Elon Musk (left), Vinod Khosla (center), and Marc Andreessen (right).
Elon Musk, Vinod Khosla, and Marc Andreessen.
  • Other major investors are weighing in on Musk's lawsuit against OpenAI.
  • Vinod Khosla, an early OpenAI backer, said Musk's lawsuit "feels like a bit of sour grapes."
  • "Vinod is lobbying to ban open source," the venture capitalist Marc Andreessen said of Khosla.

Elon Musk and his fellow billionaire tech bros are brawling over their differing views on OpenAI, and the back-and-forth is getting ugly.

On Thursday, Elon Musk sued OpenAI and its CEO, Sam Altman. The billionaire accused OpenAI of violating its nonprofit mission when it partnered with Microsoft. Musk, who cofounded OpenAI alongside Altman, left the company's board in 2018.

The move by Musk to sue OpenAI didn't go down well with the company's backer Vinod Khosla. Understandably, seeing as in 2019, Khosla's venture-capital firm invested $50 million in OpenAI.

"With @elonmusk, feels like a bit of sour grapes in suing @OpenAI, not getting in early enough, not staying committed and now a rival effort," Khosla wrote in an X post on Saturday, referencing Musk's artificial-intelligence company, xAI.

"Like they say if you can't innovate, litigate and that's what we have here. Elon of old would be building with us to hit the same goal," Khosla continued.

"Vinod doesn't know what he is talking about here," Musk wrote in a reply on X.

The venture capitalist and Netscape cofounder Marc Andreessen took shots at Khosla as well. In an earlier post, Khosla had defended OpenAI and its leadership, saying they "have pushed out better products faster than anyone in AI."

"Vinod is lobbying to ban open source," Andreessen wrote on X.

Thursday's lawsuit appears to be a culmination of Musk's various grievances against OpenAI. Since leaving OpenAI's board, Musk has been critical of Altman's leadership of the company.

Altman appears to have limited his response to the Musk lawsuit to a couple of cryptic tweets. His chief strategy officer, Jason Kwon, went a little further.

"We believe the claims in this suit may stem from Elon's regrets about not being involved with the company today," Kwon wrote in an internal memo on Friday, according to CNBC.
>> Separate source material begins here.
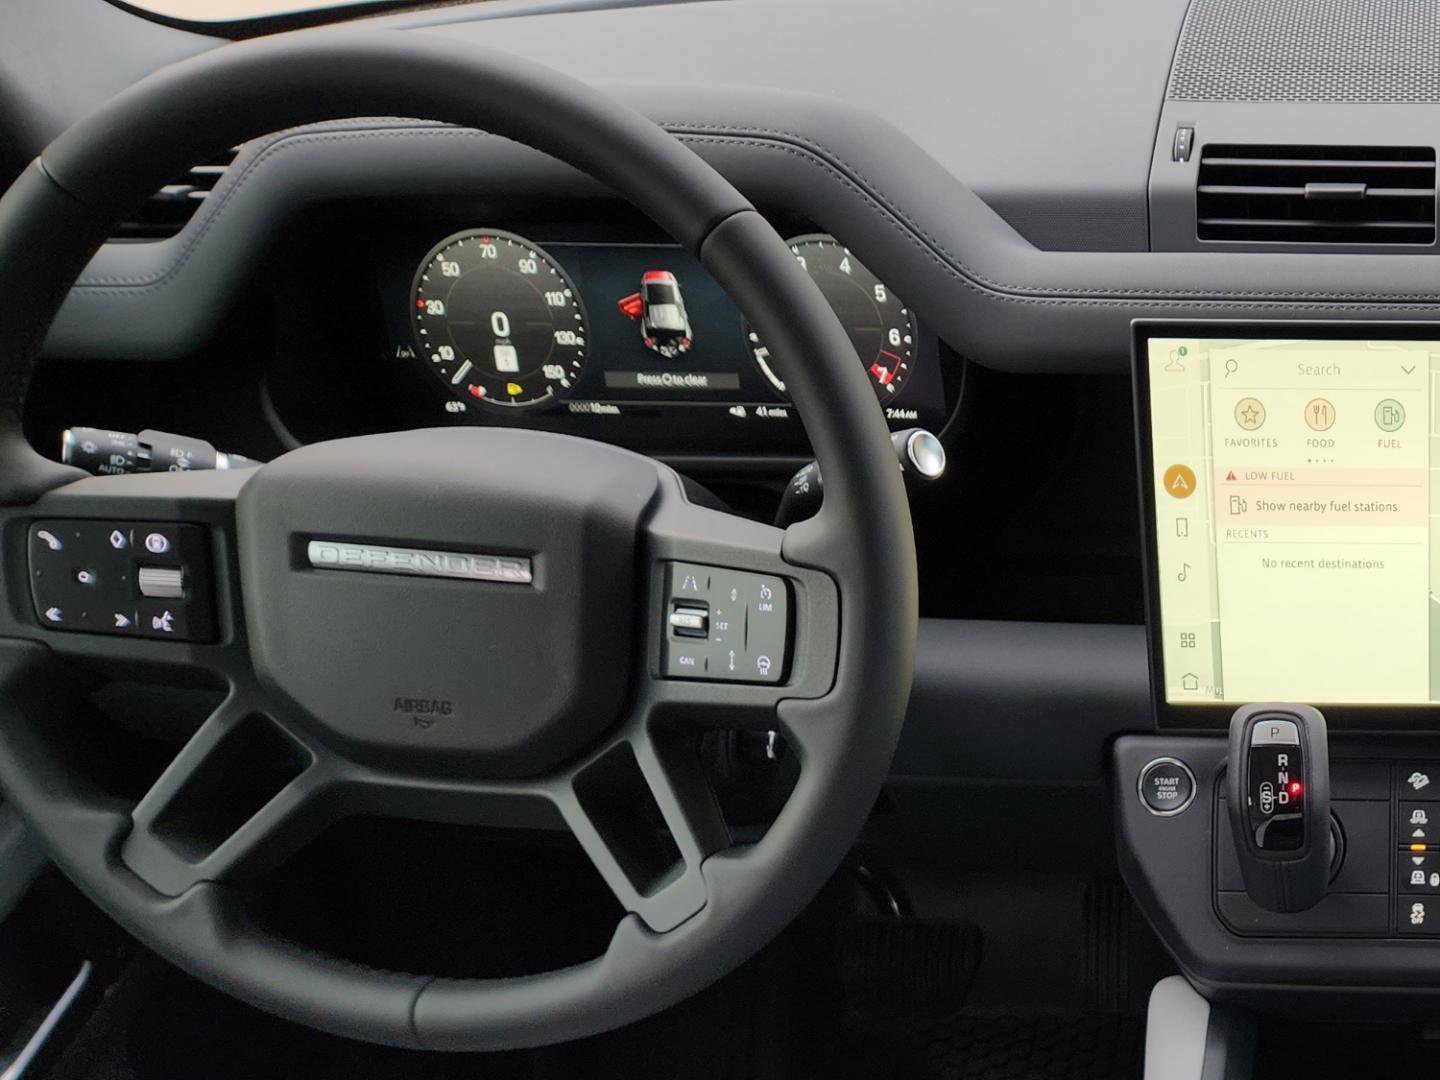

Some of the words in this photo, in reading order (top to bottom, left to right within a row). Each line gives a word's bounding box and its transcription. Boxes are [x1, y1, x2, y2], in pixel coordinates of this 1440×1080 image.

In 2019, Musk talked more about his decision to leave the board. Besides needing to focus on Tesla and SpaceX's engineering and manufacturing problems, he said, he "didn't agree with some of what OpenAI team wanted to do."

Musk didn't elaborate on what those disagreements were.
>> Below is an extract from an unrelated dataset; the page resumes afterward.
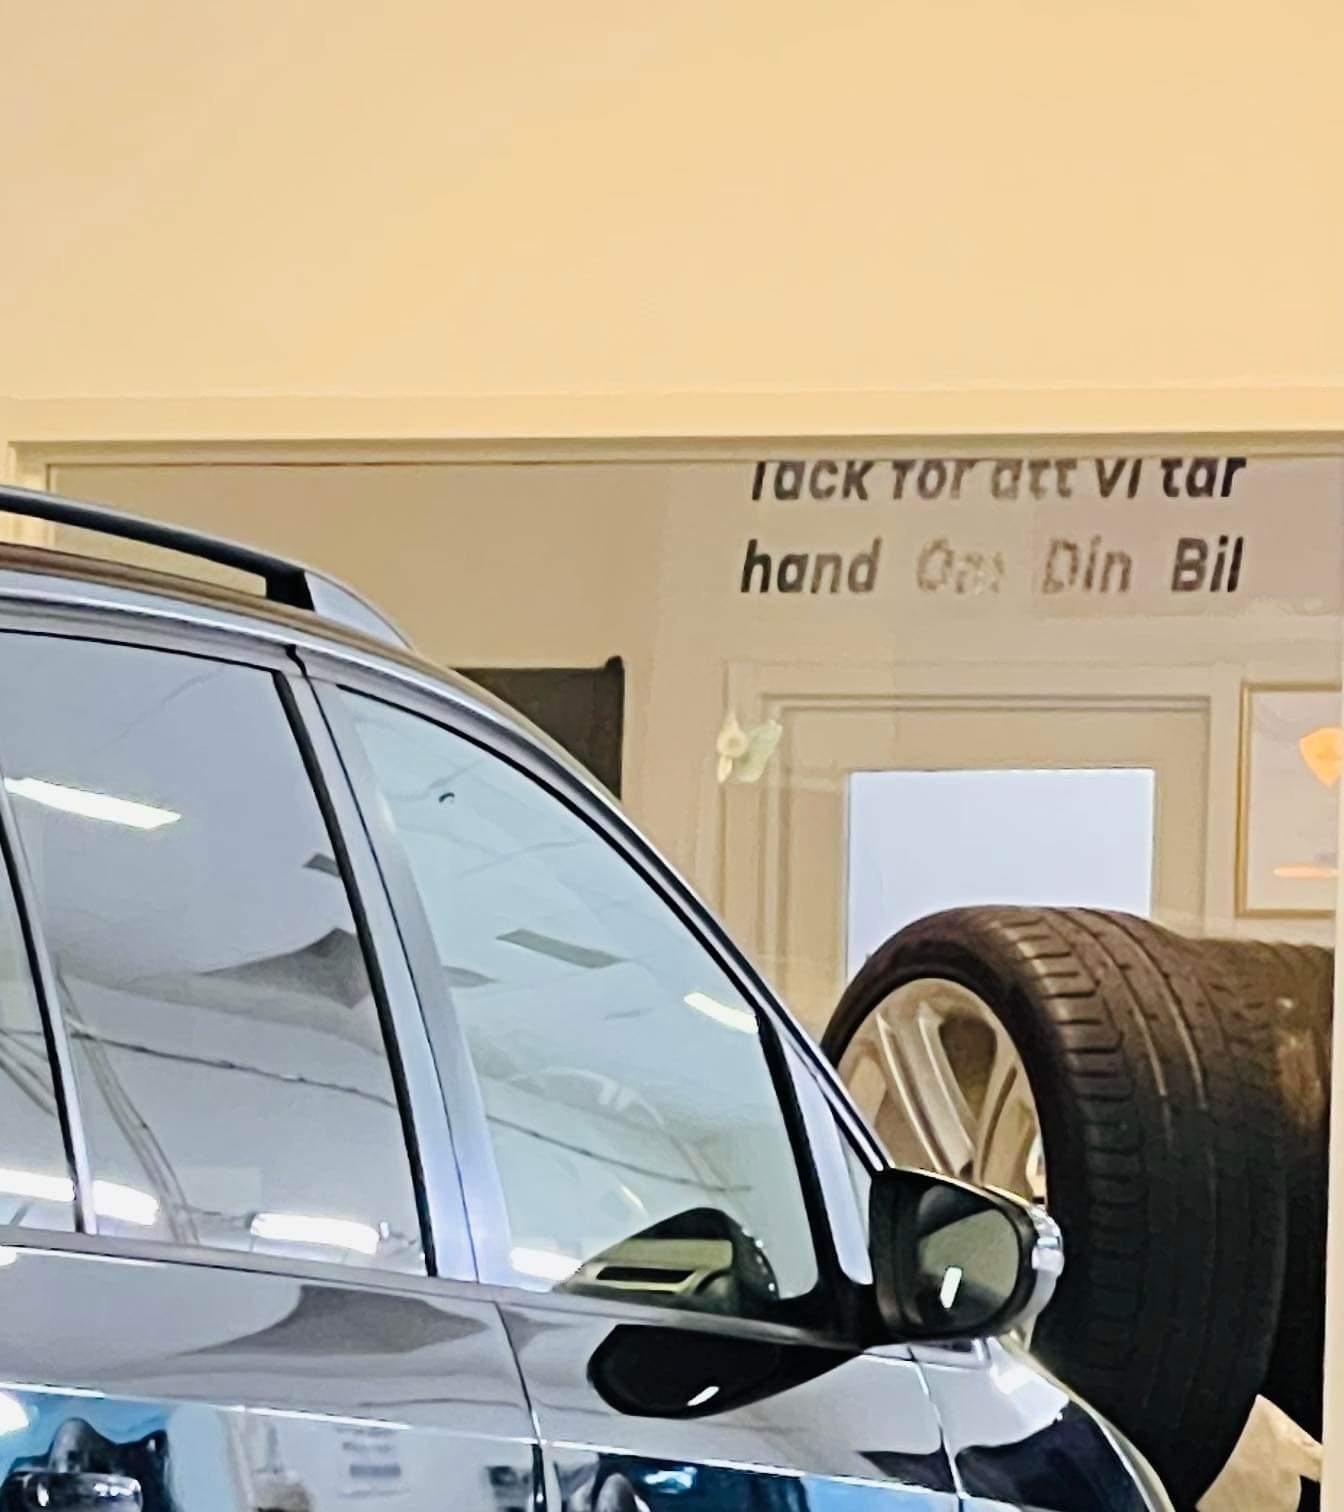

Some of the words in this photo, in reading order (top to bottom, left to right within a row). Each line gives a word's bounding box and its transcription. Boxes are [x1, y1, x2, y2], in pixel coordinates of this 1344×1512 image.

Then, in February 2023, Musk said the development of OpenAI was "not what I intended at all."

"OpenAI was created as an open source (which is why I named it 'Open' AI), non-profit company to serve as a counterweight to Google, but now it has become a closed source, maximum-profit company effectively controlled by Microsoft," Musk wrote on X.

Representatives for Musk, Khosla, and Andreessen didn't immediately respond to requests for comment from Business Insider sent outside regular business hours.